No entiendo. ¿Por qué es mejor ser tolerante que ser intolerante? No sé… si estamos hablando sobre delito fiscal lo bueno será ser intolerante, ¿no? Si estamos hablando sobre orientación sexual lo bueno será ser tolerante. Pero “ser tolerante” o “ser intolerante”, así, a secas, no significa nada. En la lógica medieval se denominó con la enrevesada palabra “sincategoremáticos” a aquellos términos que no significan nada, vacíos, que obtienen su significado de otras palabras de la oración. “Hay que ser tolerante” suena a “hay que ser proclive”, “hay que ser partidario” o “hay que ser aficionado”. ¿Pero a quéééé?

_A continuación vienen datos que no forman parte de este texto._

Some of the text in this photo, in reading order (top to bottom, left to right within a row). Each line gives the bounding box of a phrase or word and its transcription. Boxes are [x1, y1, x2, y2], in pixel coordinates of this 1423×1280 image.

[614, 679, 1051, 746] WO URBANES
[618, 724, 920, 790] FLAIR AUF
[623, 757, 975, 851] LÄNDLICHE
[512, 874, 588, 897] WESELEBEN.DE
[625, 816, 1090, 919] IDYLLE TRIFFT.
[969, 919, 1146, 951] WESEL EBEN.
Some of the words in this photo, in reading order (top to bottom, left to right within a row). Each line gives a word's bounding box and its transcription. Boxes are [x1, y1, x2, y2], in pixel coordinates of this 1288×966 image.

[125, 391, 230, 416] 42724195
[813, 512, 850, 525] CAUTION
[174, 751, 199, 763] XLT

¿Por qué incluir es mejor que excluir? “Hay que hacer política inclusiva”. Bueno, si hablamos de Dinamarca respecto de África, o de los calamares respecto de los mamíferos, lo correcto será excluirlos, ¿no? Si hablamos de Etiopía o de los tigres de dientes de sable lo correcto será incluirlos. Pero defender que el carácter inclusivo de algo es ya una virtud per se… “Hombre, venga, ya estás tú, es una forma de hablar, todos sabemos a qué nos estamos refieriendo”. Pues no, lo siento, ninguna forma de hablar es sólo una forma de hablar y nadie sabemos a qué nos estamos refiriendo. Ya estoy yo.

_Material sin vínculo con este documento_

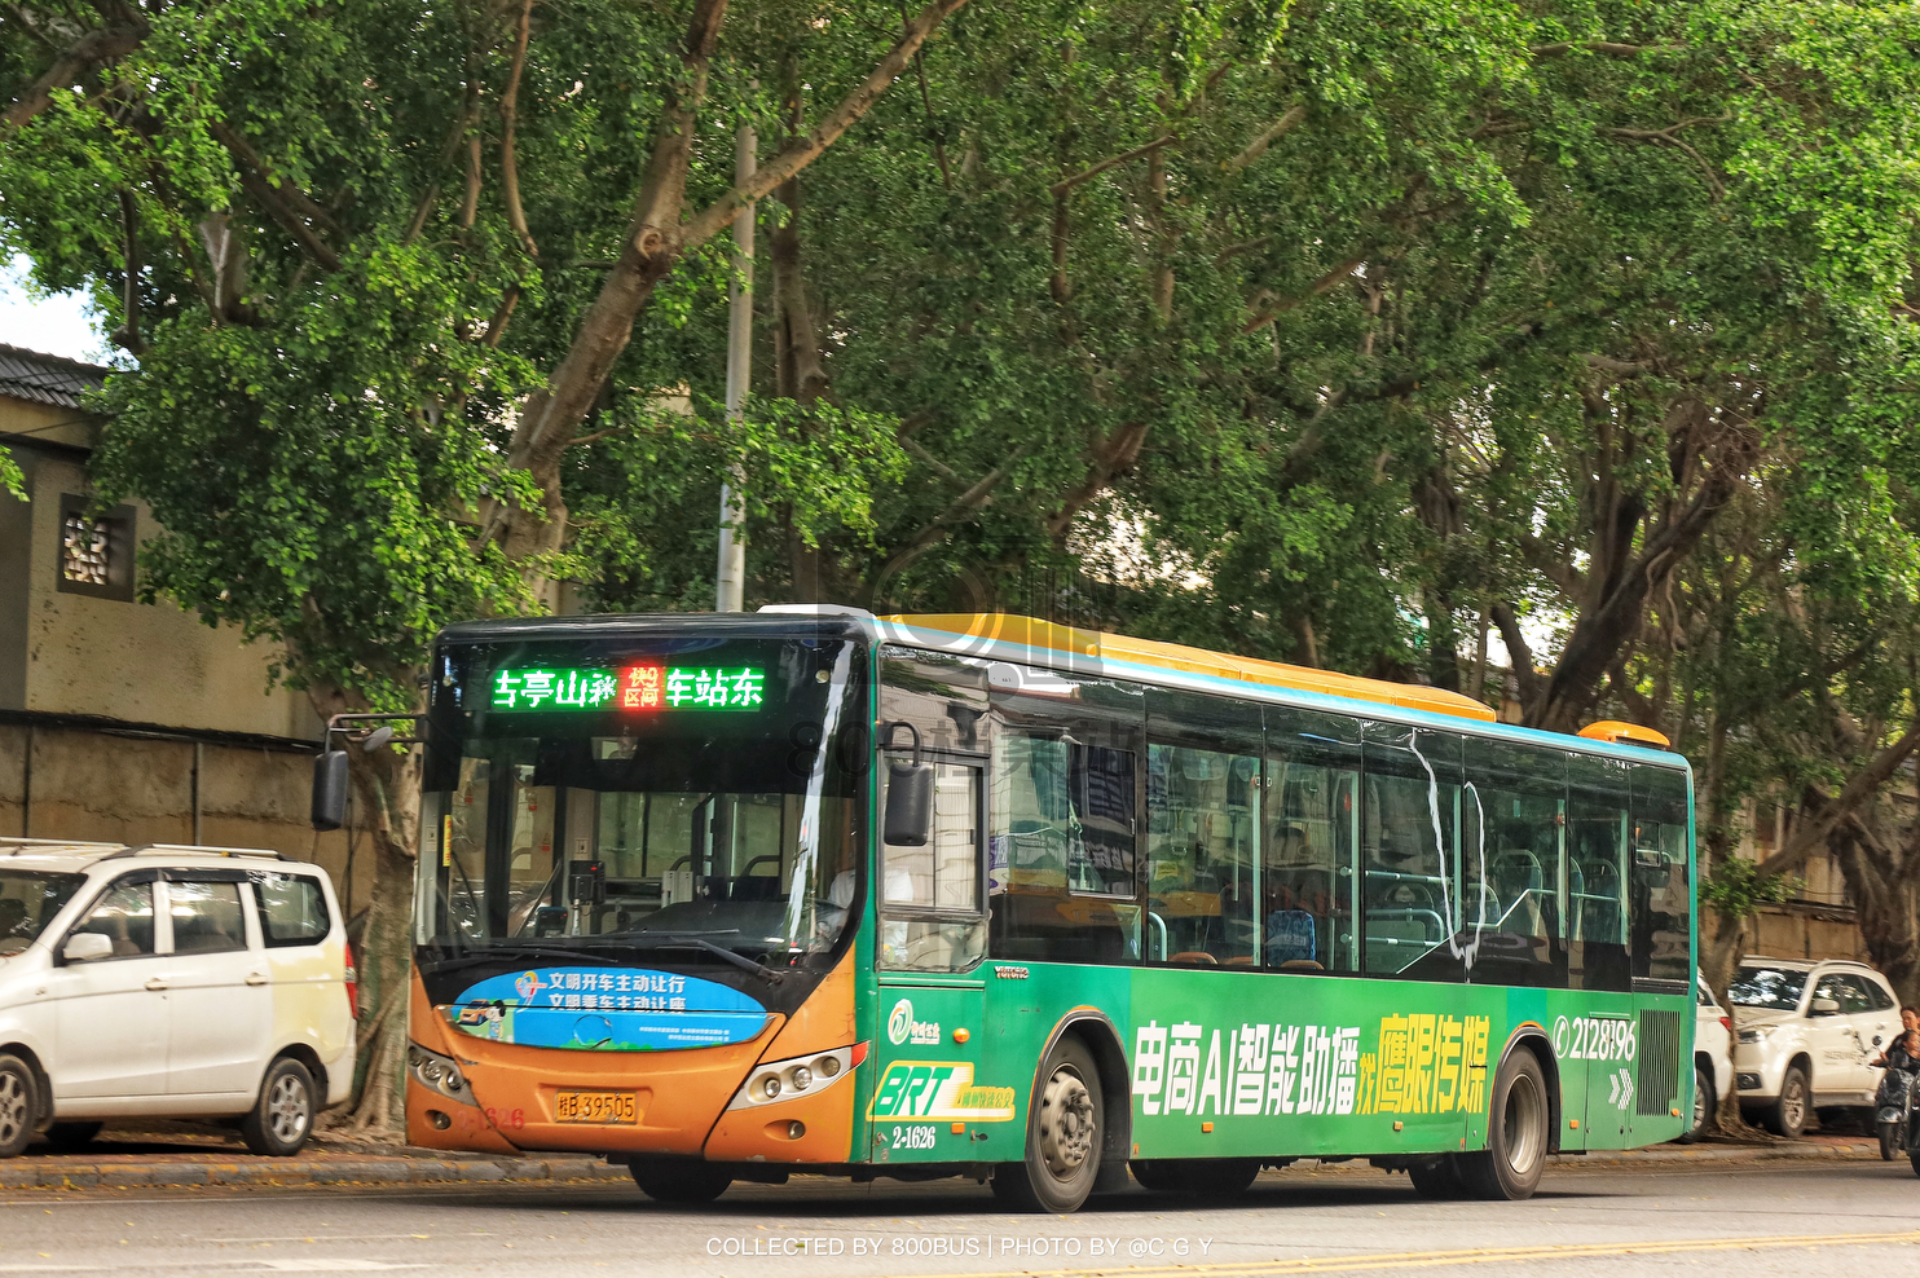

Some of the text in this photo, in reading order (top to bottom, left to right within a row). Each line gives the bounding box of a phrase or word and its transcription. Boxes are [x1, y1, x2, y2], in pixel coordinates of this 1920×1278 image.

[665, 667, 765, 707] 车站东
[548, 972, 686, 994] 文明开车主动让行
[548, 993, 687, 1014] 文明乘车主动让座
[1569, 1016, 1636, 1061] 2128196
[869, 1066, 954, 1116] BRT
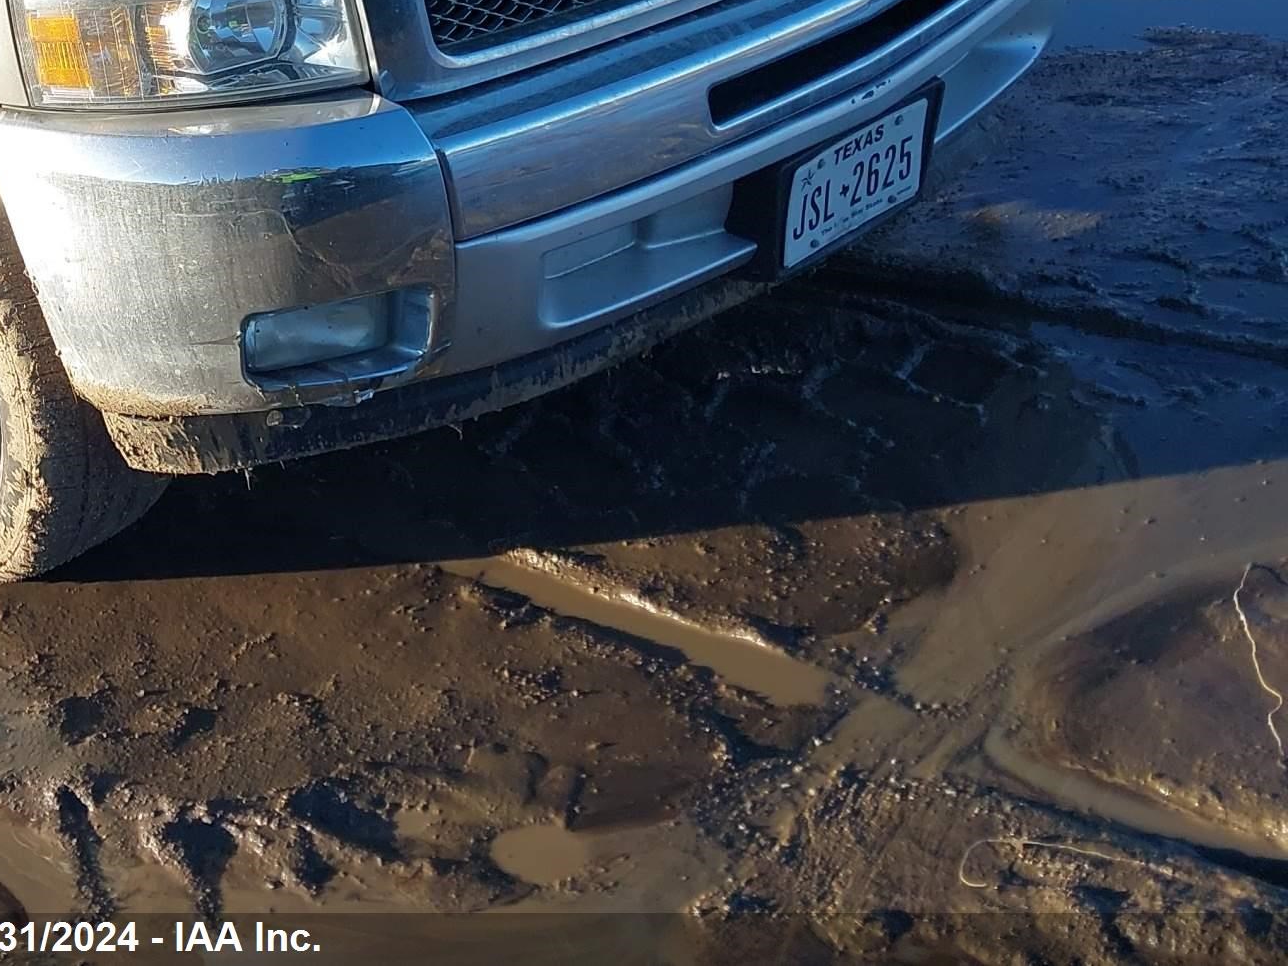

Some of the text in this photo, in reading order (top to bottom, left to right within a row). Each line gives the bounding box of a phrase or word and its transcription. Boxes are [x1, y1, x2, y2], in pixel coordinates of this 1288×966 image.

¿Por qué “abierto” es mejor que “cerrado”, “plural” mejor que “singular”, “unido” mejor que “separado”, “nuevo” mejor que “antiguo”? ¿Por qué leer es mejor que no leer? Dependerá de lo que leas, ¿no? ¿Por qué pensar es mejor que no pensar? Dependerá de lo que pienses, ¿no? ¿Por qué ampliar derechos es mejor que reducirlos? ¿Siempre? ¿También el derecho de pernada? ¿Por qué amar es mejor que odiar? ¿Siempre? ¿A los incendios, a la droga, al reggaeton, a la extrema derecha austríaca, a los atascos, a los cólicos nefríticos, a Gran Hermano? “¡Cómo eres! Todo el mundo sobreentiende que cuando decimos que es mejor amar que odiar sólo nos referimos a las cosas a las que es mejor amar que odiar”. Ah, vale.

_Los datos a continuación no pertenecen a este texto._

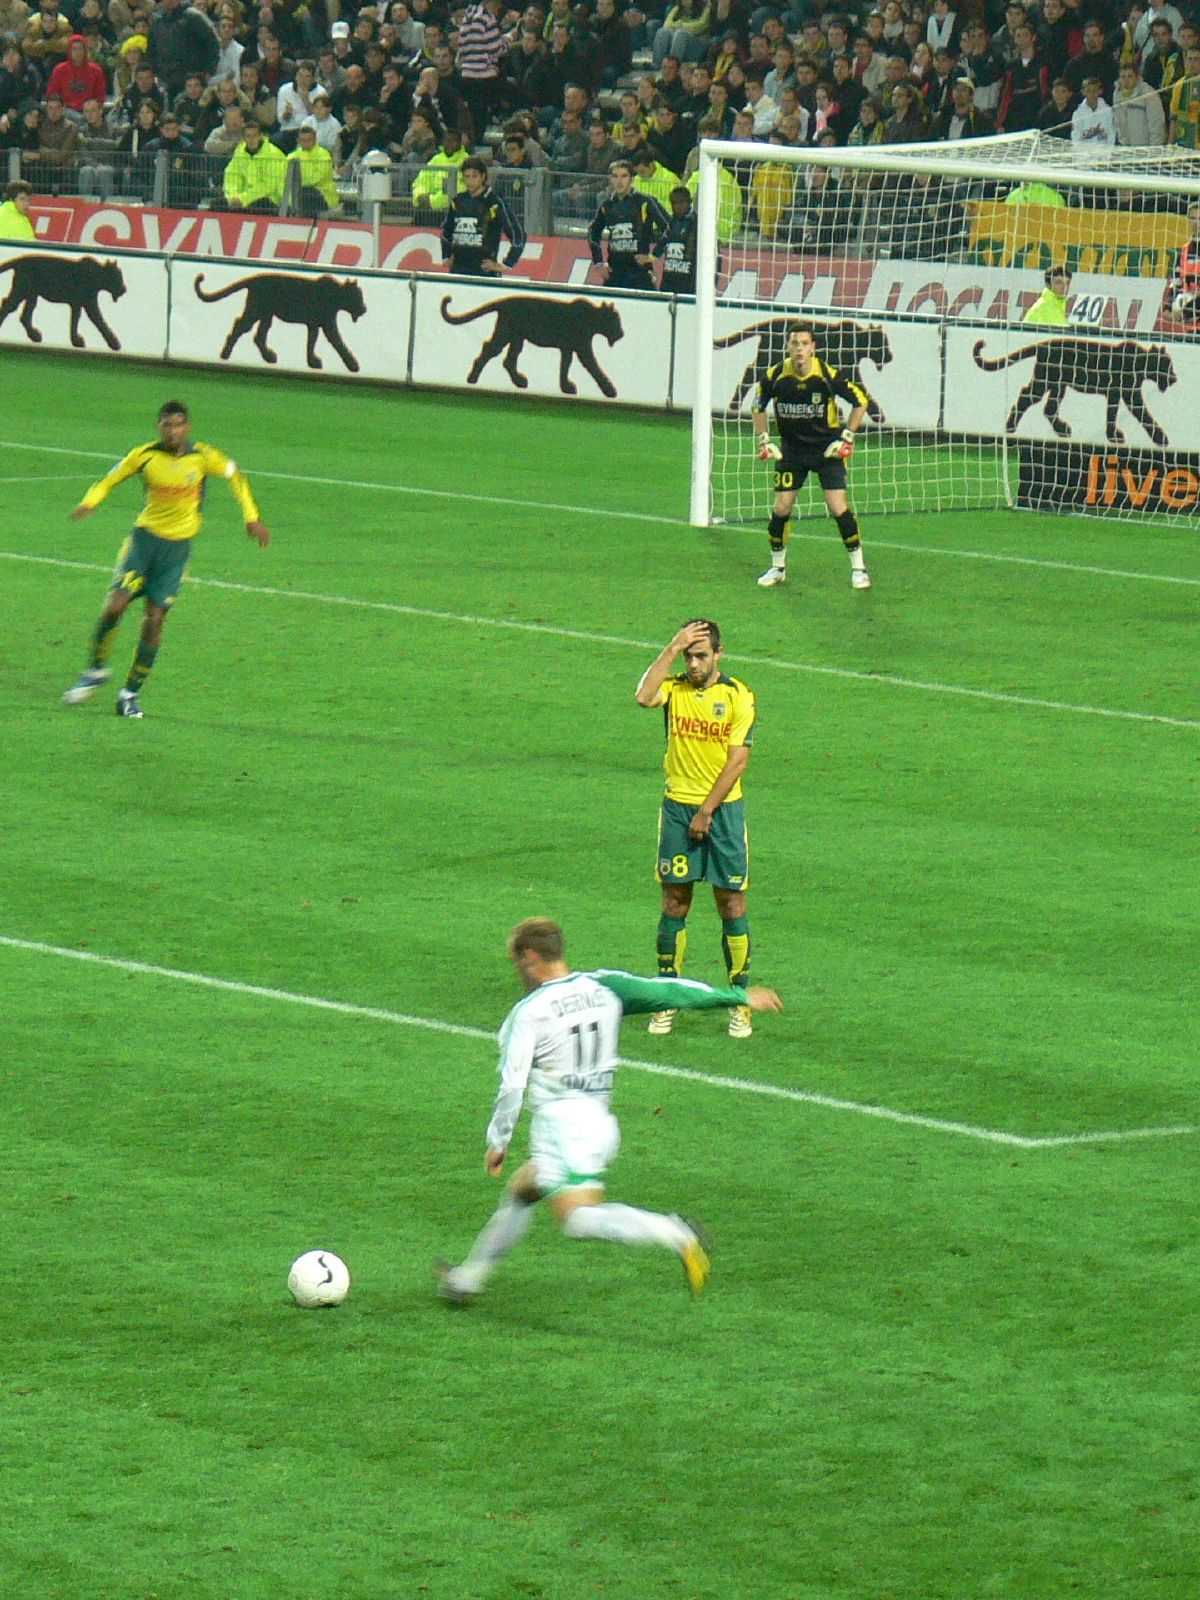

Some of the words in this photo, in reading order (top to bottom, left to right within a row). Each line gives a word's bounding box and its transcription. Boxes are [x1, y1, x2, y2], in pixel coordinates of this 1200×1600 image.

¿Por qué la igualdad es mejor que la diversid…? Ah, no, espera, perdón, ¿por qué la diversidad es mejor que la iguald…? Eh… un momento… ¿por qué la igualdad es tan buena como su contraria, la diversidad, y la falta de diversidad es tan mala como su contraria, la falta de igualdad? “Perdone, pero no, porque se puede ser igual en lo diverso y diverso en lo igual, y cuanto más celebremos nuestras diferencias, más iguales seremos, y cuanto más iguales seamos, más aceptaremos que somos diferentes”. ¿Pero iguales en qué y diversos en qué, señor mío? ¿En qué momento las letras de las canciones de Fito y Fitipaldis se han convertido en argumentos de discusiones políticas?
Pensamos con eslóganes en base a términos vacíos, meramente connotativos, estímulos pavlovianos. Nos vinculamos emocionalmente a palabras cliché que no significan nada, -completamente a favor, completamente en contra-, y a partir de ahí el razonamiento no es más que una farsa retórica para fingir que no tenemos ya decidida la conclusión de antemano. Confundimos pensar con reaccionar ante un señuelo que nos muestra Vox, Podemos, el papa Francisco o Twitter. Somos incapaces del matiz, de la precisión, de la racionalidad de la oración subordinada. Corren muy malos tiempos para los complementos directos.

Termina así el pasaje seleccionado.